──────── Materials provided ────────

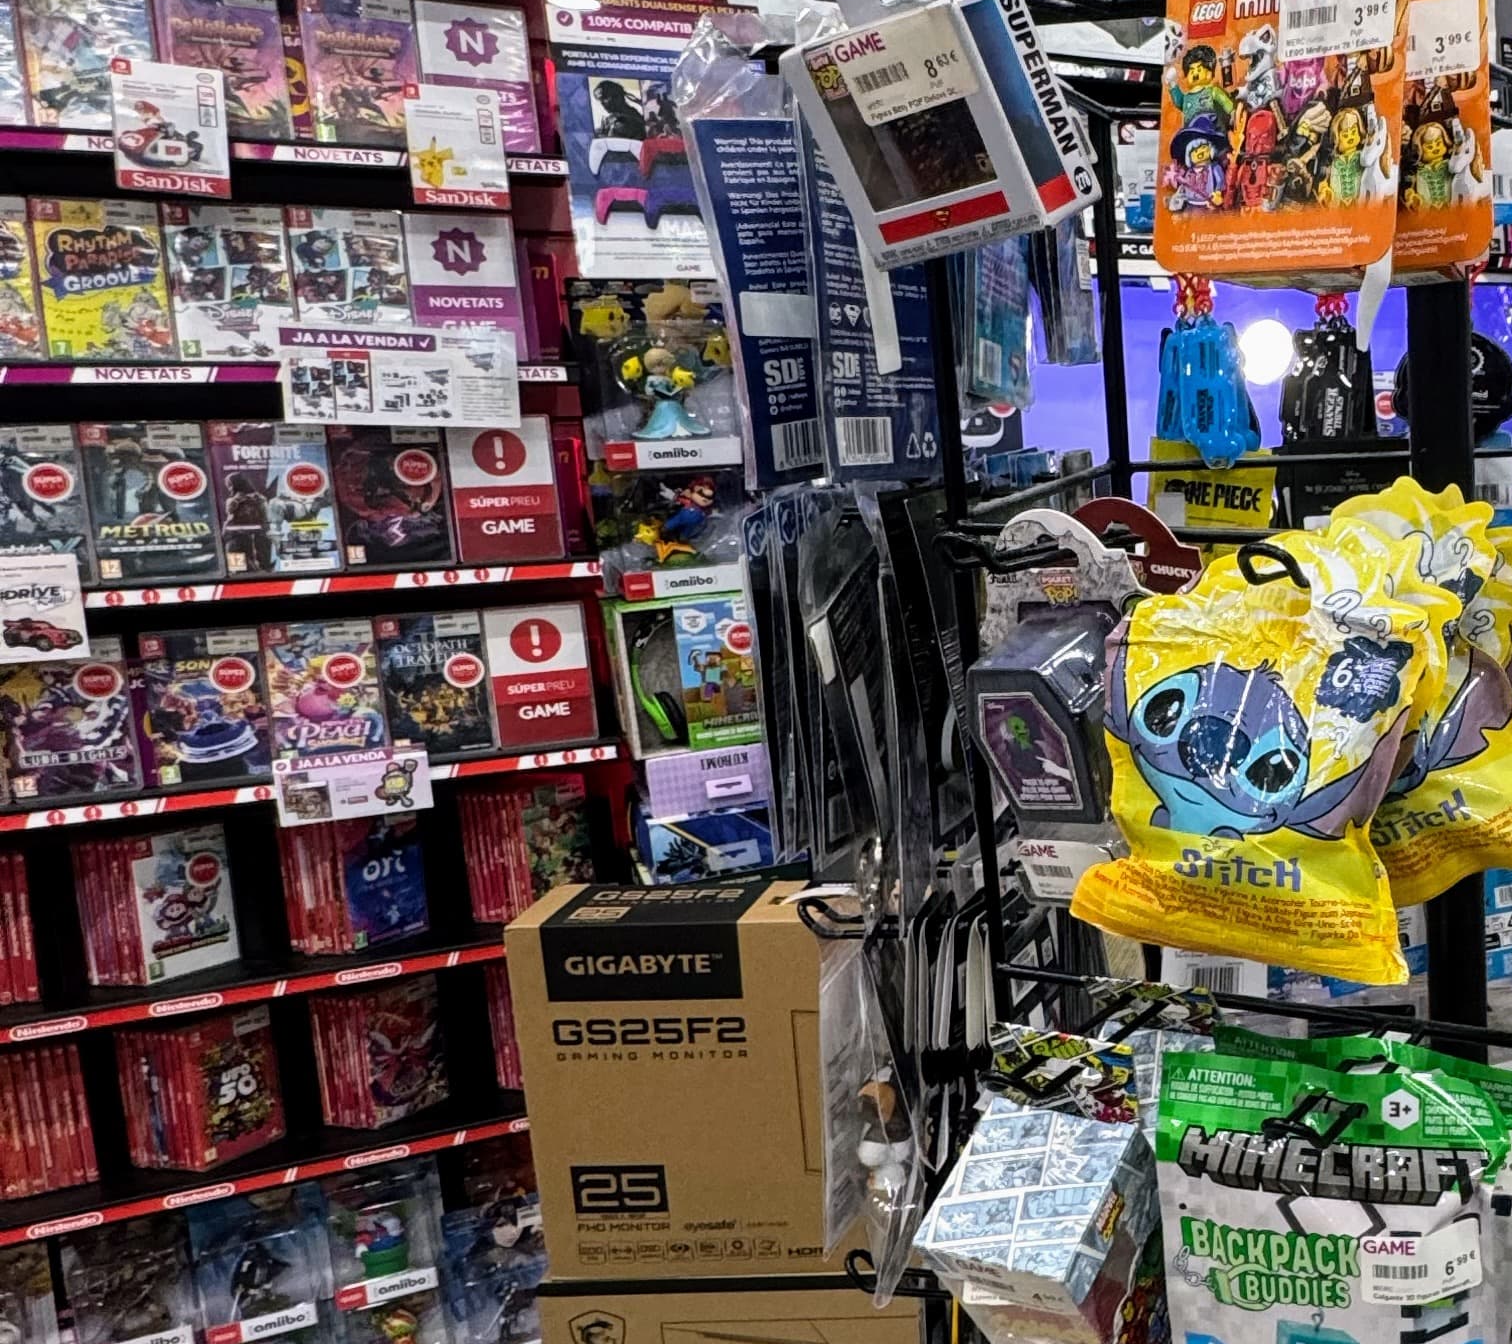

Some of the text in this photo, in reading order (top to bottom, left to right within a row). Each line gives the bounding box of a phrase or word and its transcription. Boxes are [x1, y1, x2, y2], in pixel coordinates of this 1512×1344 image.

[1191, 1, 1227, 25] LEGO
[587, 15, 693, 35] 100% COMPATIB
[834, 31, 888, 65] GAME
[294, 147, 385, 164] NOVETATS
[132, 172, 216, 194] SanDisk
[425, 189, 497, 207] SanDisk
[64, 267, 140, 292] GROOVE
[430, 296, 505, 311] NOVETATS
[292, 332, 314, 348] JA
[332, 334, 352, 348] LA
[355, 333, 414, 350] VENDA!
[95, 366, 192, 382] NOVETATS
[1212, 484, 1263, 512] PIECE
[99, 521, 212, 540] METROID
[482, 521, 535, 537] GAME
[1151, 564, 1198, 581] CHUCKY
[396, 637, 468, 655] OCTOPATH
[519, 701, 572, 720] GAME
[342, 750, 387, 764] VENDA
[1019, 842, 1057, 858] GAME
[564, 953, 712, 976] GIGABYTE
[552, 1016, 748, 1047] GS25F2
[556, 1049, 749, 1063] GAMING MONITOR
[1187, 1067, 1257, 1090] ATTENTION:
[1386, 1102, 1412, 1120] 3+
[1179, 1124, 1490, 1207] MINECRAFT
[579, 1172, 661, 1209] 25
[609, 1221, 672, 1233] MONITOR
[1186, 1216, 1362, 1279] BACKPACK
[1362, 1239, 1417, 1256] GAME
[378, 1274, 428, 1296] amiibo
[1246, 1274, 1352, 1309] BUDDIES
[252, 1312, 306, 1336] amiibo

────────

What is expected >>
Repeat every record precisely. Any picture among them stays out of the copy.

Reply >>
Some of the text in this photo, in reading order (top to bottom, left to right within a row). Each line gives the bounding box of a phrase or word and its transcription. Boxes are [x1, y1, x2, y2], in pixel coordinates of this 1512×1344 image.

[1191, 1, 1227, 25] LEGO
[587, 15, 693, 35] 100% COMPATIB
[834, 31, 888, 65] GAME
[294, 147, 385, 164] NOVETATS
[132, 172, 216, 194] SanDisk
[425, 189, 497, 207] SanDisk
[64, 267, 140, 292] GROOVE
[430, 296, 505, 311] NOVETATS
[292, 332, 314, 348] JA
[332, 334, 352, 348] LA
[355, 333, 414, 350] VENDA!
[95, 366, 192, 382] NOVETATS
[1212, 484, 1263, 512] PIECE
[99, 521, 212, 540] METROID
[482, 521, 535, 537] GAME
[1151, 564, 1198, 581] CHUCKY
[396, 637, 468, 655] OCTOPATH
[519, 701, 572, 720] GAME
[342, 750, 387, 764] VENDA
[1019, 842, 1057, 858] GAME
[564, 953, 712, 976] GIGABYTE
[552, 1016, 748, 1047] GS25F2
[556, 1049, 749, 1063] GAMING MONITOR
[1187, 1067, 1257, 1090] ATTENTION:
[1386, 1102, 1412, 1120] 3+
[1179, 1124, 1490, 1207] MINECRAFT
[579, 1172, 661, 1209] 25
[609, 1221, 672, 1233] MONITOR
[1186, 1216, 1362, 1279] BACKPACK
[1362, 1239, 1417, 1256] GAME
[378, 1274, 428, 1296] amiibo
[1246, 1274, 1352, 1309] BUDDIES
[252, 1312, 306, 1336] amiibo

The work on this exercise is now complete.